**Work item**
Each line of the records needs to be written out exactly, with any image left out.

Phrase grounding data
# # # # # # #

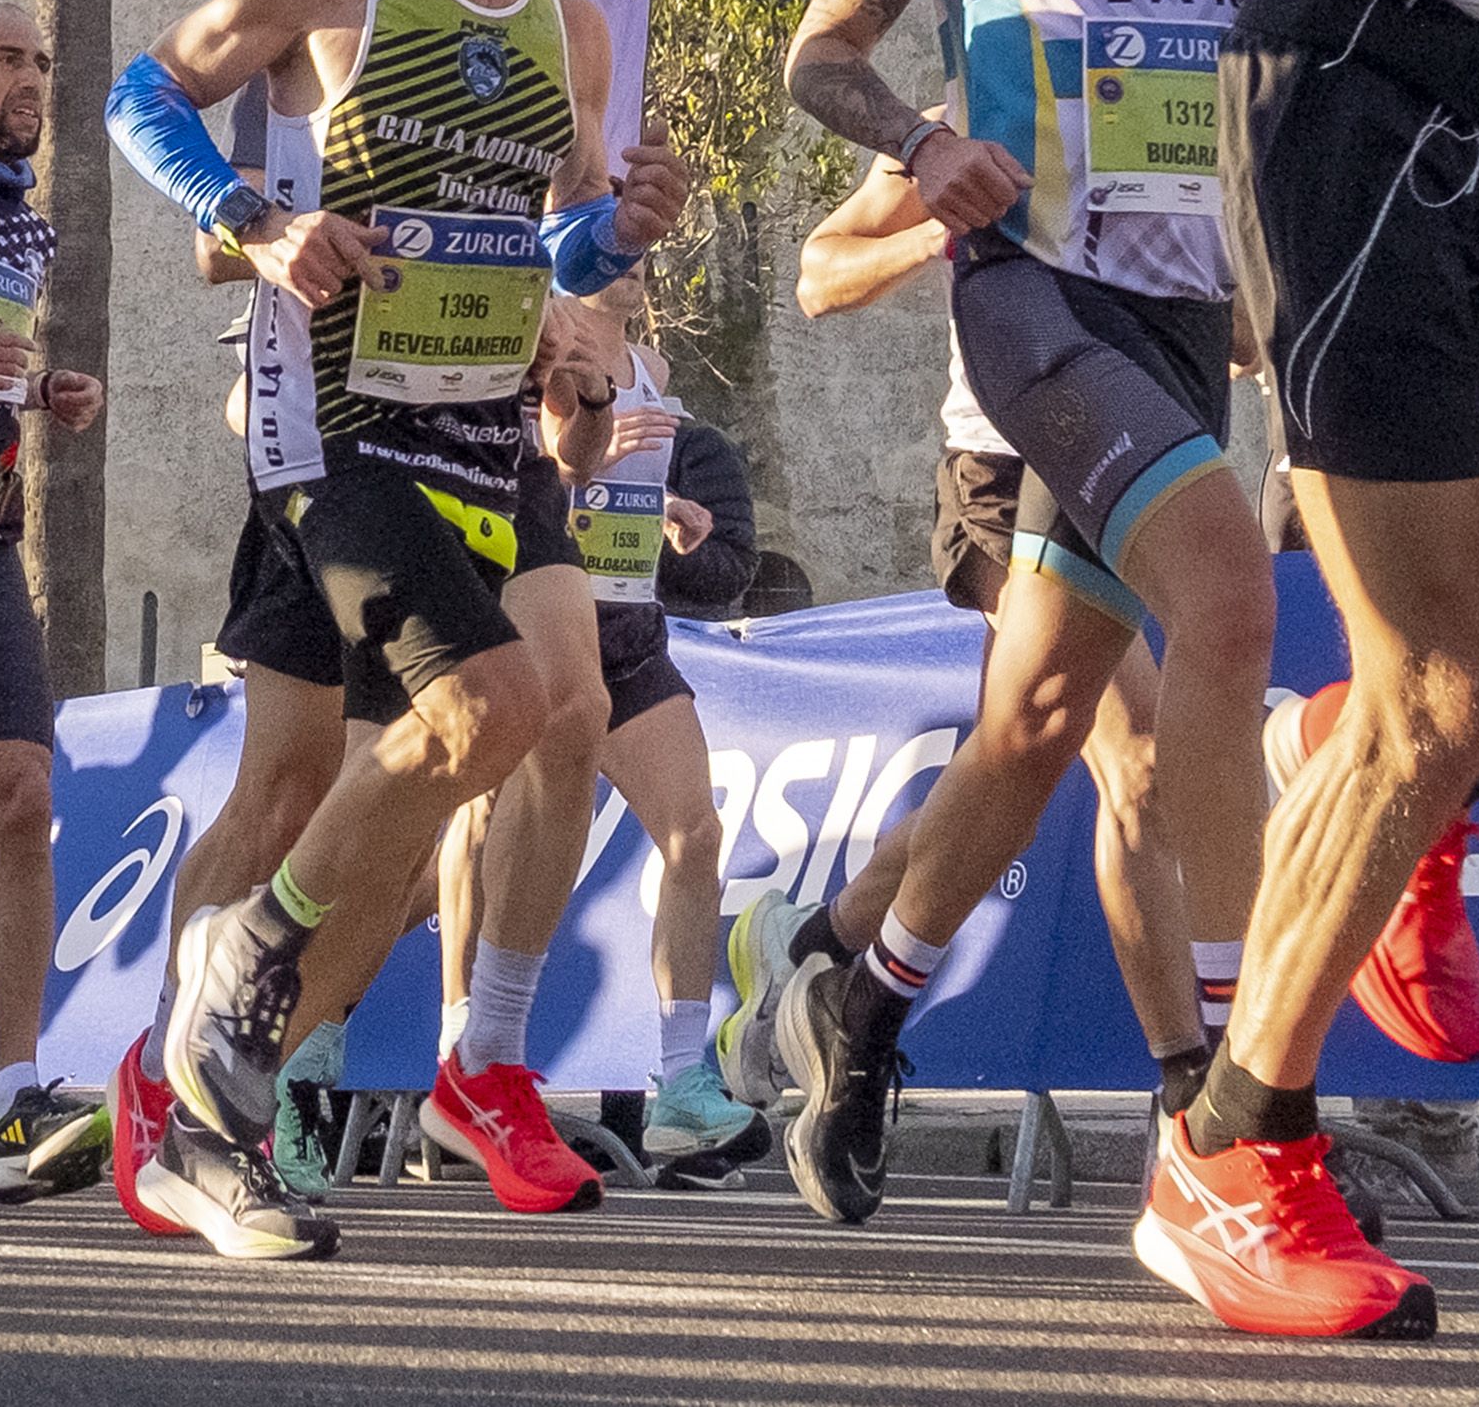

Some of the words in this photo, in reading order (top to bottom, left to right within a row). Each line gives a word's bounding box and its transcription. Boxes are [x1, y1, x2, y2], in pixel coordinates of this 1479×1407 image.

[1157, 37, 1219, 62] ZURI
[1161, 98, 1215, 129] 1312
[376, 113, 424, 147] C.D.
[432, 124, 466, 154] LA
[445, 231, 537, 257] ZURICH
[438, 293, 490, 319] 1396
[614, 491, 659, 510] ZURICH
[611, 530, 641, 549] 1538
[639, 726, 958, 917] asic
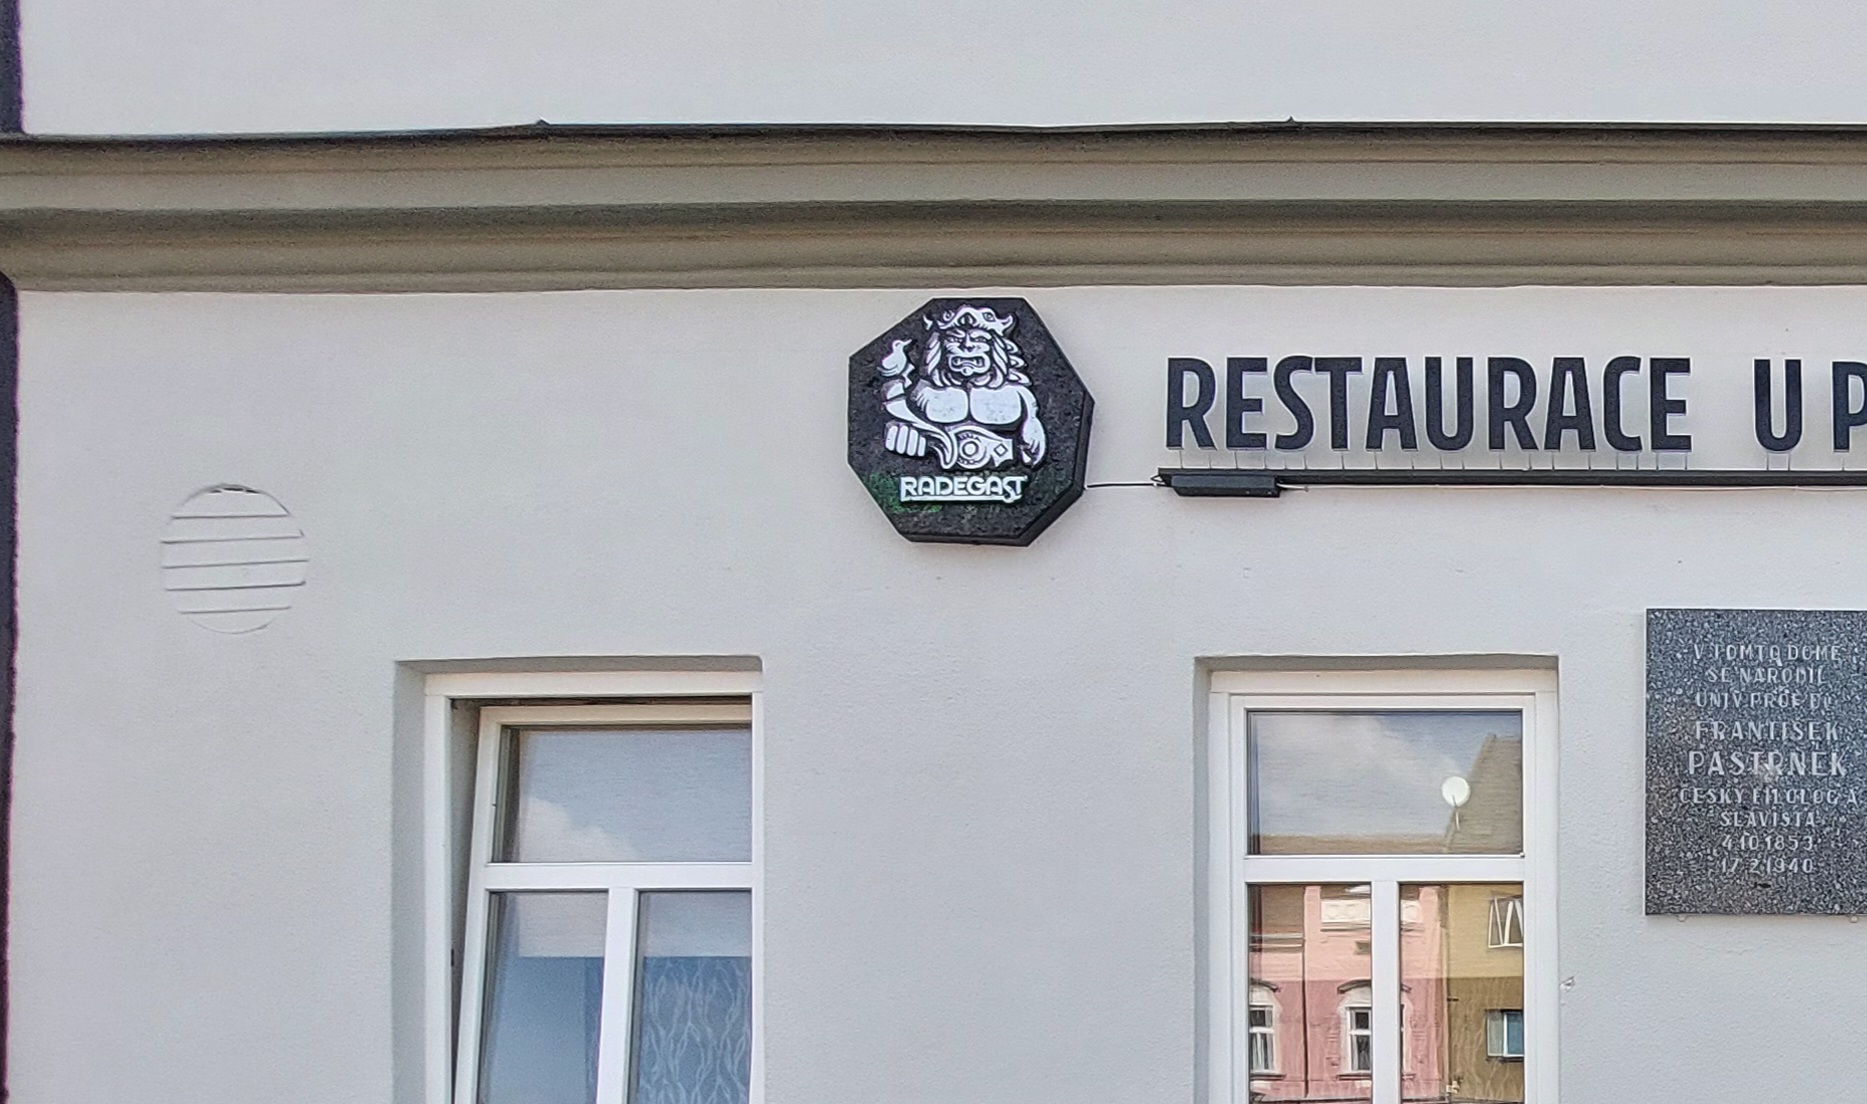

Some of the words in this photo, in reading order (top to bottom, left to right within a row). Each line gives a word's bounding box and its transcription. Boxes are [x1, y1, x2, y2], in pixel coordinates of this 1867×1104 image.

[1166, 355, 1692, 453] RESTAURACE
[1753, 357, 1802, 452] U
[901, 475, 1027, 503] RADEGAST
[1707, 667, 1732, 684] SE
[1740, 667, 1825, 684] NARODIL
[1688, 750, 1846, 776] PASTRNEK
[1753, 787, 1838, 805] FILOLOG
[1720, 811, 1816, 827] SLAVISTA
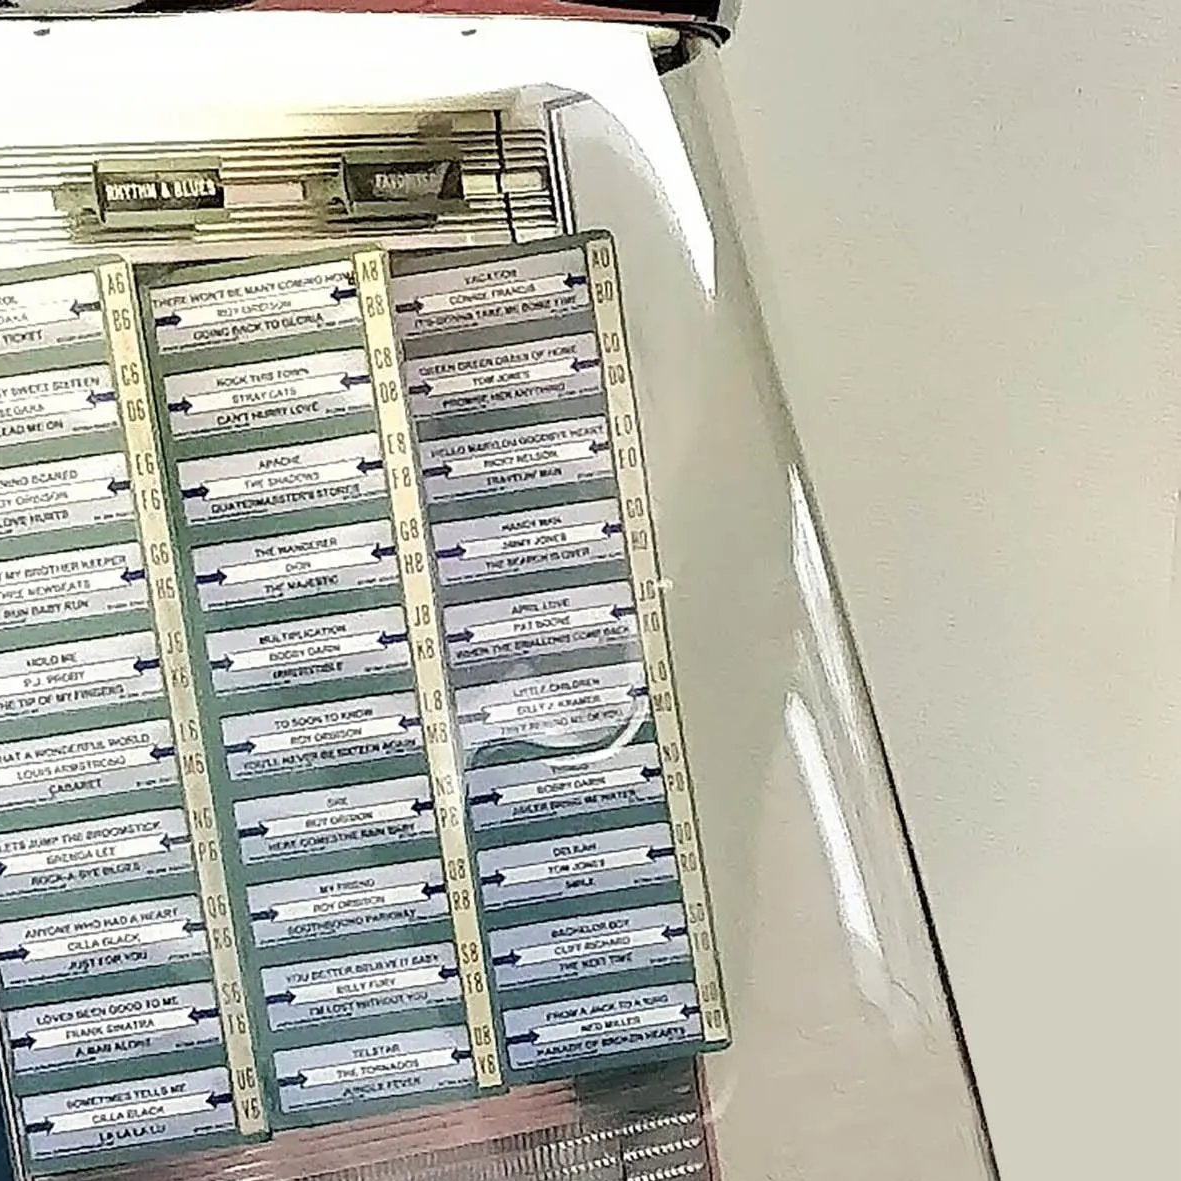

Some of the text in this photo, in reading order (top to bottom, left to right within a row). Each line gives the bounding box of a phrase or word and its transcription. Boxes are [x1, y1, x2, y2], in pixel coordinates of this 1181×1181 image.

# # # # # # #

**Solution**
Some of the words in this photo, in reading order (top to bottom, left to right within a row). Each line gives a word's bounding box and its transcription. Boxes are [x1, y1, x2, y2], in pixel coordinates of this 1479×1407 image.

[1157, 37, 1219, 62] ZURI
[1161, 98, 1215, 129] 1312
[376, 113, 424, 147] C.D.
[432, 124, 466, 154] LA
[445, 231, 537, 257] ZURICH
[438, 293, 490, 319] 1396
[614, 491, 659, 510] ZURICH
[611, 530, 641, 549] 1538
[639, 726, 958, 917] asic

Some of the words in this photo, in reading order (top to bottom, left to right within a row). Each line gives a word's bounding box and its transcription. Boxes are [x1, y1, x2, y2], in pixel coordinates of this 1867×1104 image.

[1166, 355, 1692, 453] RESTAURACE
[1753, 357, 1802, 452] U
[901, 475, 1027, 503] RADEGAST
[1707, 667, 1732, 684] SE
[1740, 667, 1825, 684] NARODIL
[1688, 750, 1846, 776] PASTRNEK
[1753, 787, 1838, 805] FILOLOG
[1720, 811, 1816, 827] SLAVISTA

Some of the text in this photo, in reading order (top to bottom, left to right within a row). Each line gives the bounding box of a phrase or word and its transcription. Boxes are [x1, y1, x2, y2], in pixel coordinates of this 1181×1181 image.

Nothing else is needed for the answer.